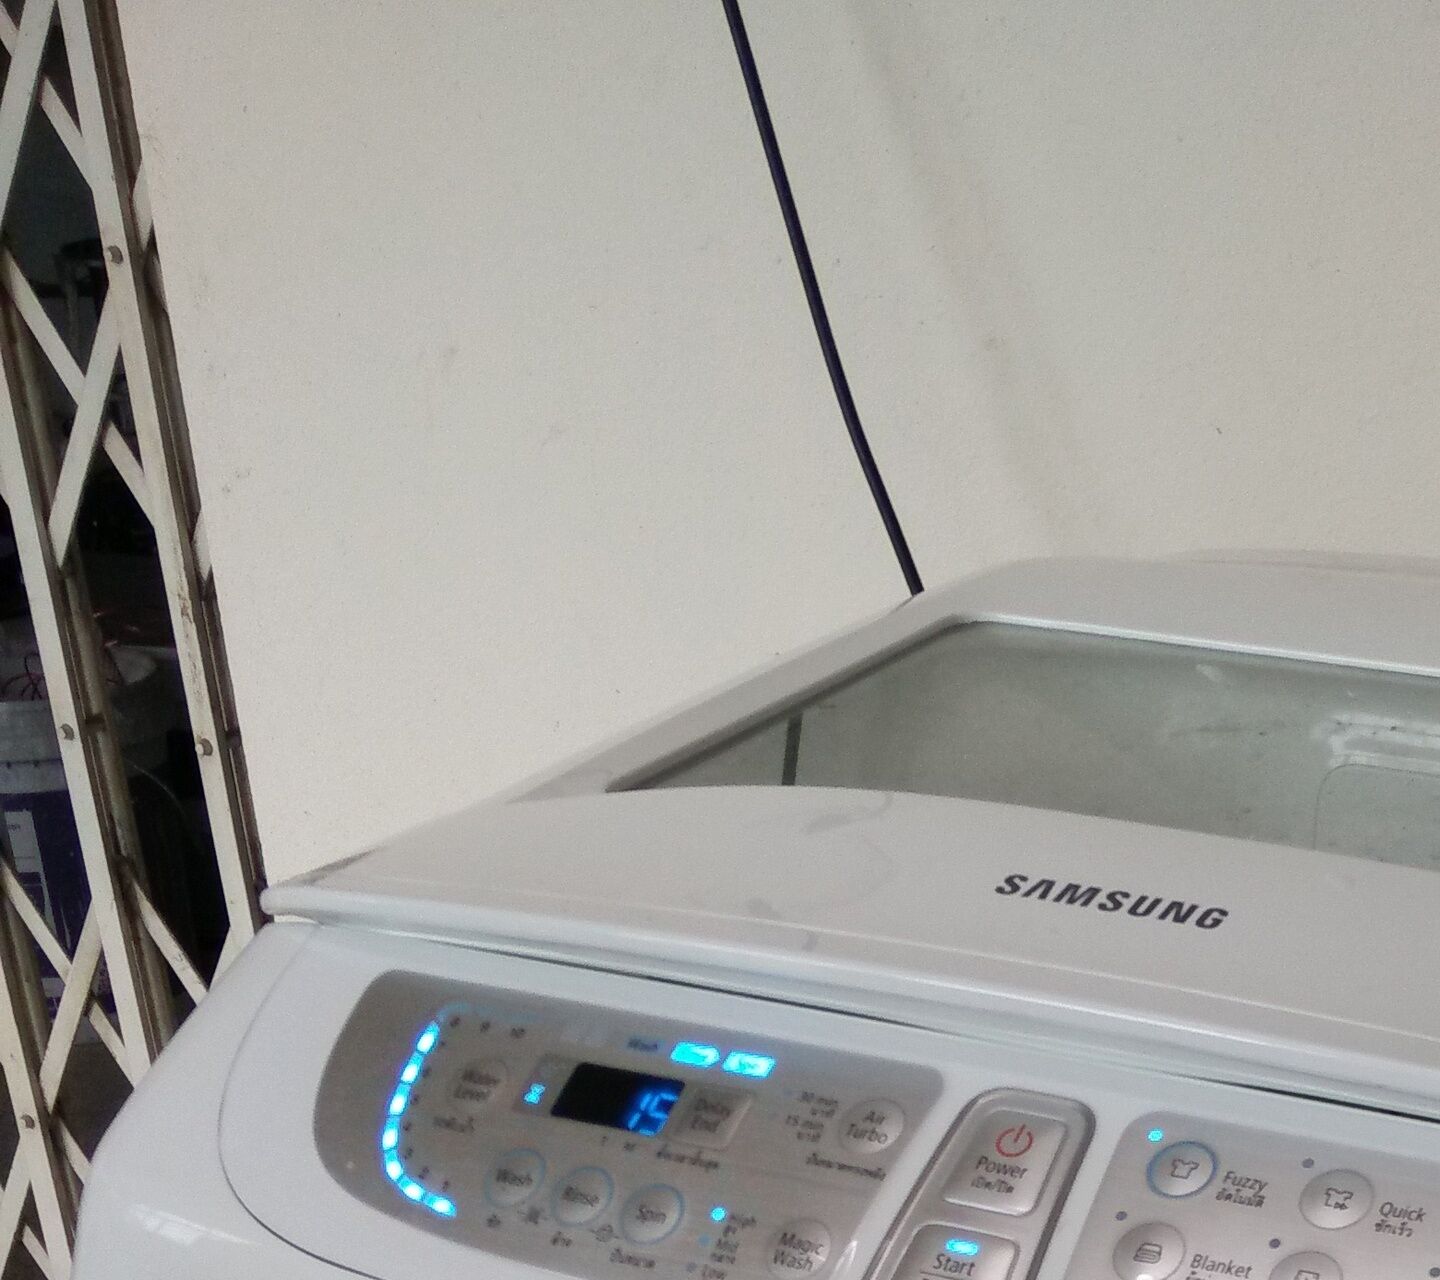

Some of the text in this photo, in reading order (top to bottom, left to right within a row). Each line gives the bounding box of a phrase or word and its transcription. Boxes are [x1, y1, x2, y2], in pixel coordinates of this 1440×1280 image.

[995, 874, 1228, 929] SAMSUNG
[863, 1110, 886, 1126] Air
[847, 1123, 888, 1145] Turbo
[975, 1155, 1028, 1181] Power
[1222, 1171, 1269, 1194] Fuzzy
[637, 1203, 667, 1225] Spin
[1379, 1201, 1426, 1223] Quick
[779, 1232, 824, 1255] Magic
[773, 1249, 814, 1272] Wash
[932, 1253, 976, 1277] Start
[1190, 1253, 1253, 1280] Blanket
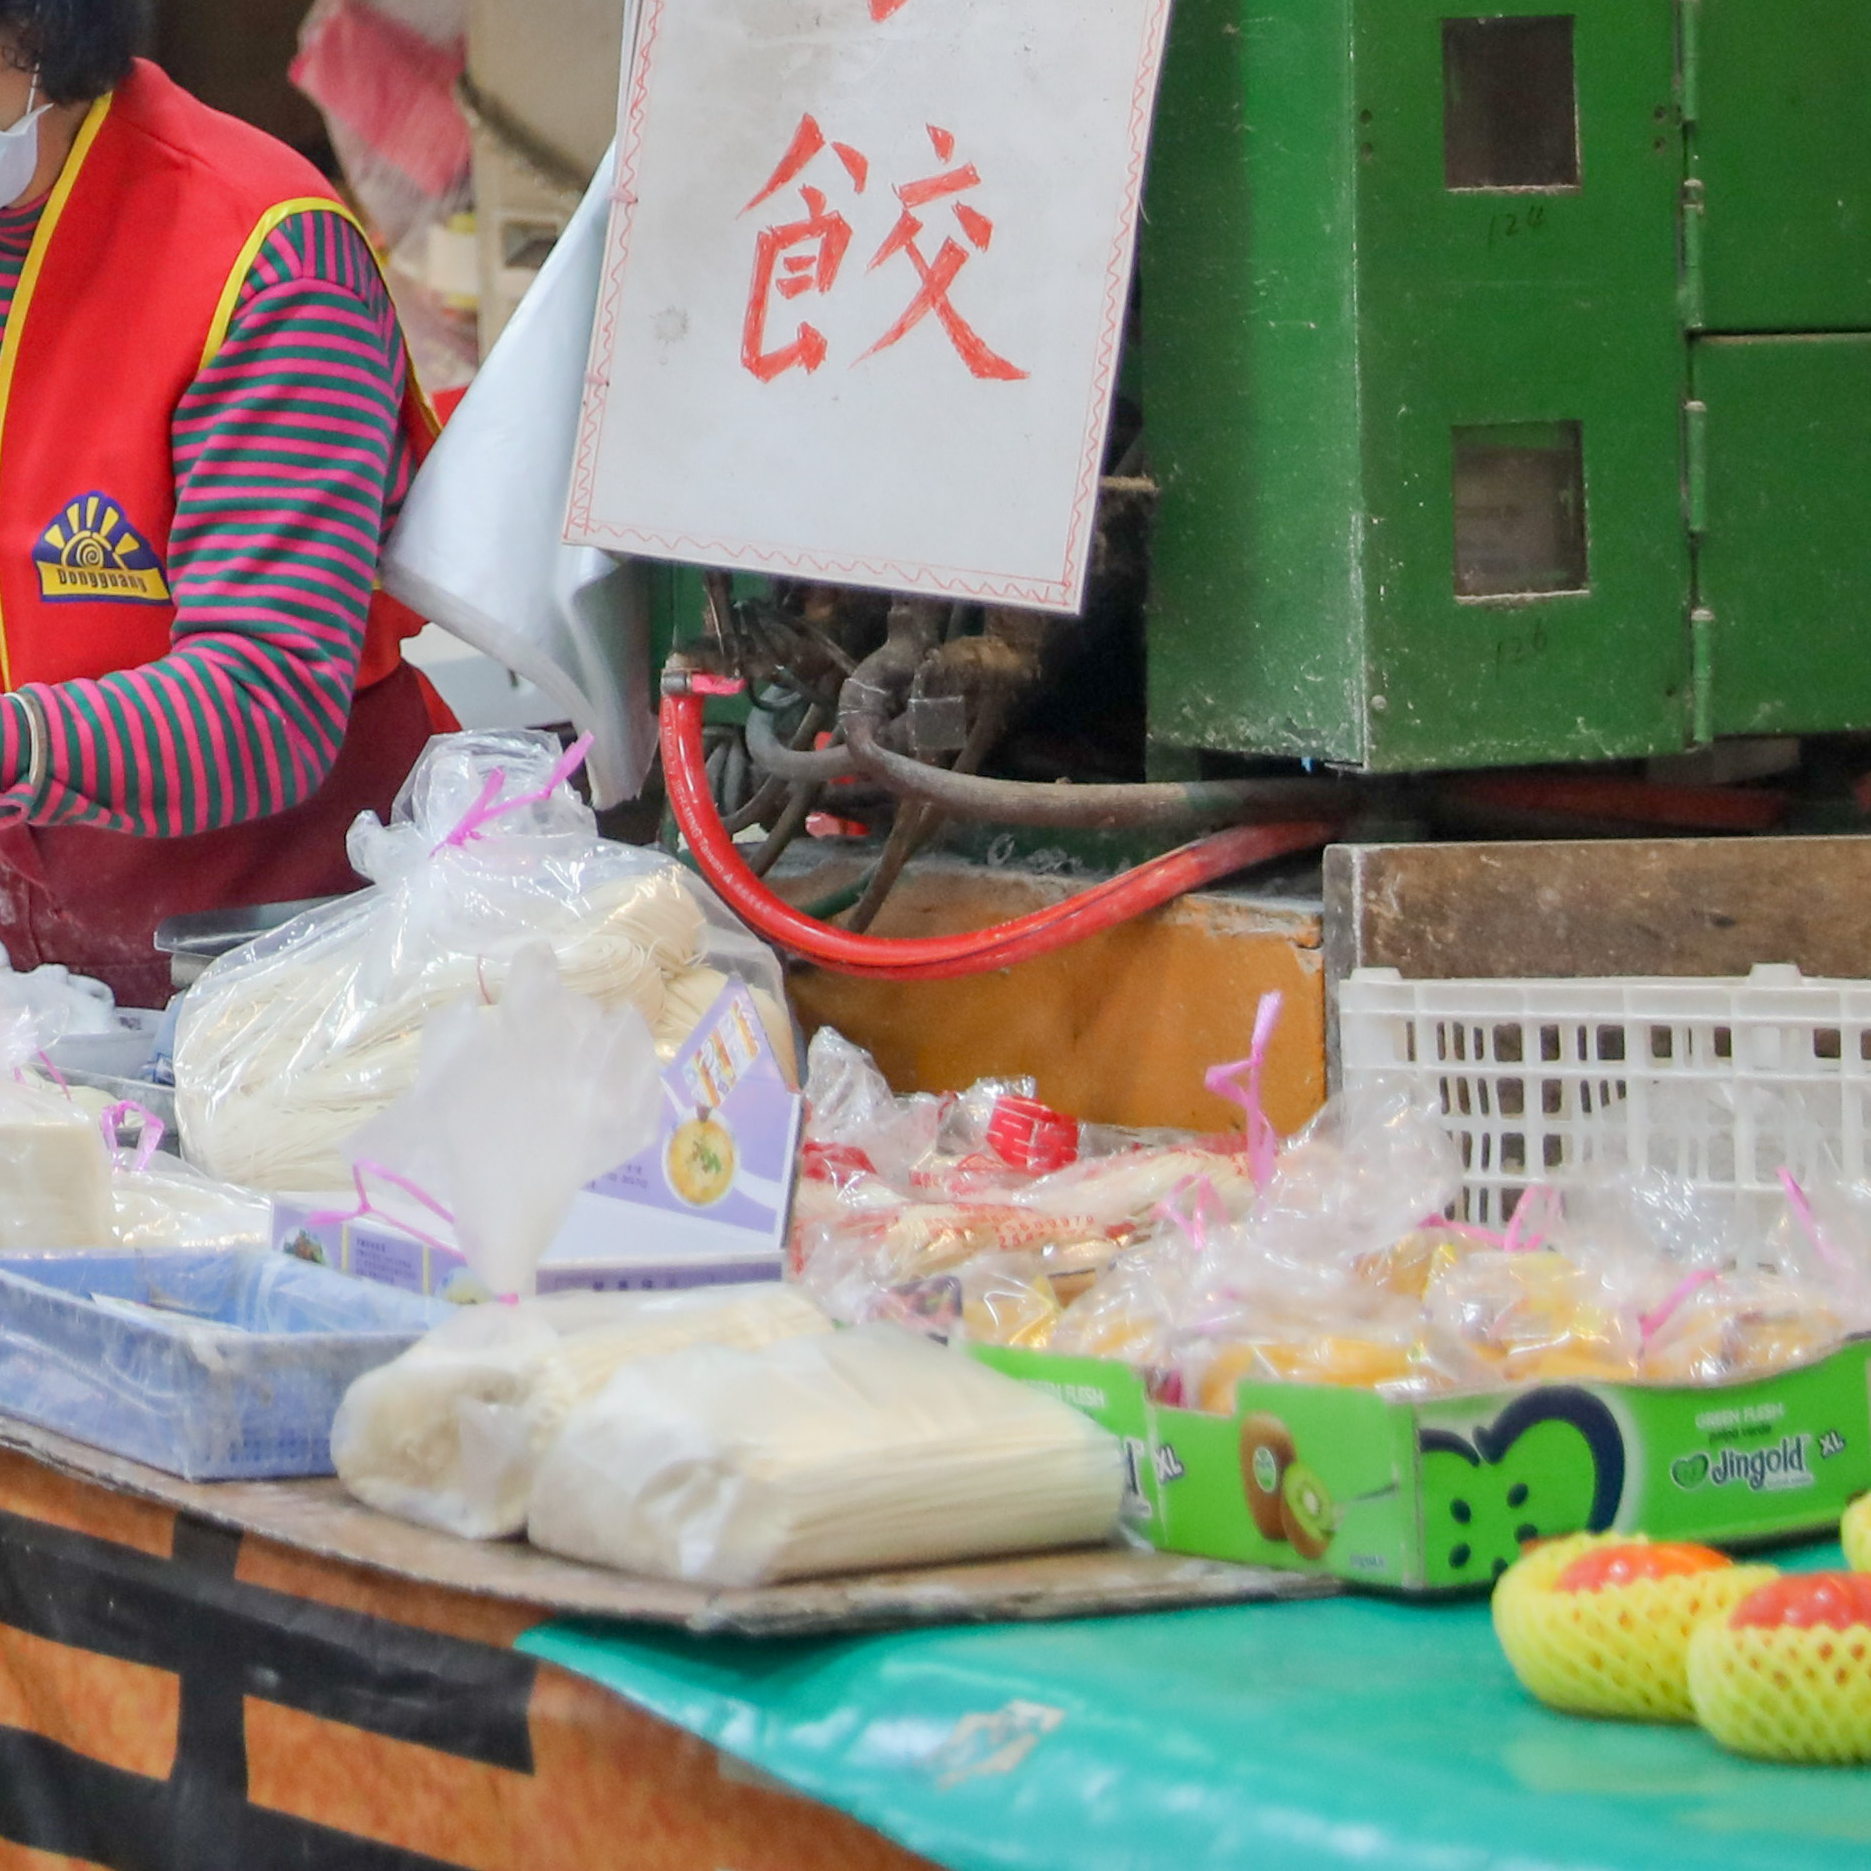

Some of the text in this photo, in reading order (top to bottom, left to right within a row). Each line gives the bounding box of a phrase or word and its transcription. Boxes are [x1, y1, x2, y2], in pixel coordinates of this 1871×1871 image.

[57, 569, 149, 593] Dongguang
[1156, 1442, 1185, 1483] XL
[1818, 1429, 1846, 1460] XL
[1711, 1437, 1804, 1490] Jingold
= = =
The problem:
Word for word, return the listing above; the pictures do not belong in the copy.

Exercise response:
Some of the text in this photo, in reading order (top to bottom, left to right within a row). Each line gives the bounding box of a phrase or word and its transcription. Boxes are [x1, y1, x2, y2], in pixel coordinates of this 1440×1280 image.

[995, 874, 1228, 929] SAMSUNG
[863, 1110, 886, 1126] Air
[847, 1123, 888, 1145] Turbo
[975, 1155, 1028, 1181] Power
[1222, 1171, 1269, 1194] Fuzzy
[637, 1203, 667, 1225] Spin
[1379, 1201, 1426, 1223] Quick
[779, 1232, 824, 1255] Magic
[773, 1249, 814, 1272] Wash
[932, 1253, 976, 1277] Start
[1190, 1253, 1253, 1280] Blanket

Some of the text in this photo, in reading order (top to bottom, left to right within a row). Each line gives the bounding box of a phrase or word and its transcription. Boxes are [x1, y1, x2, y2], in pixel coordinates of this 1871×1871 image.

[57, 569, 149, 593] Dongguang
[1156, 1442, 1185, 1483] XL
[1818, 1429, 1846, 1460] XL
[1711, 1437, 1804, 1490] Jingold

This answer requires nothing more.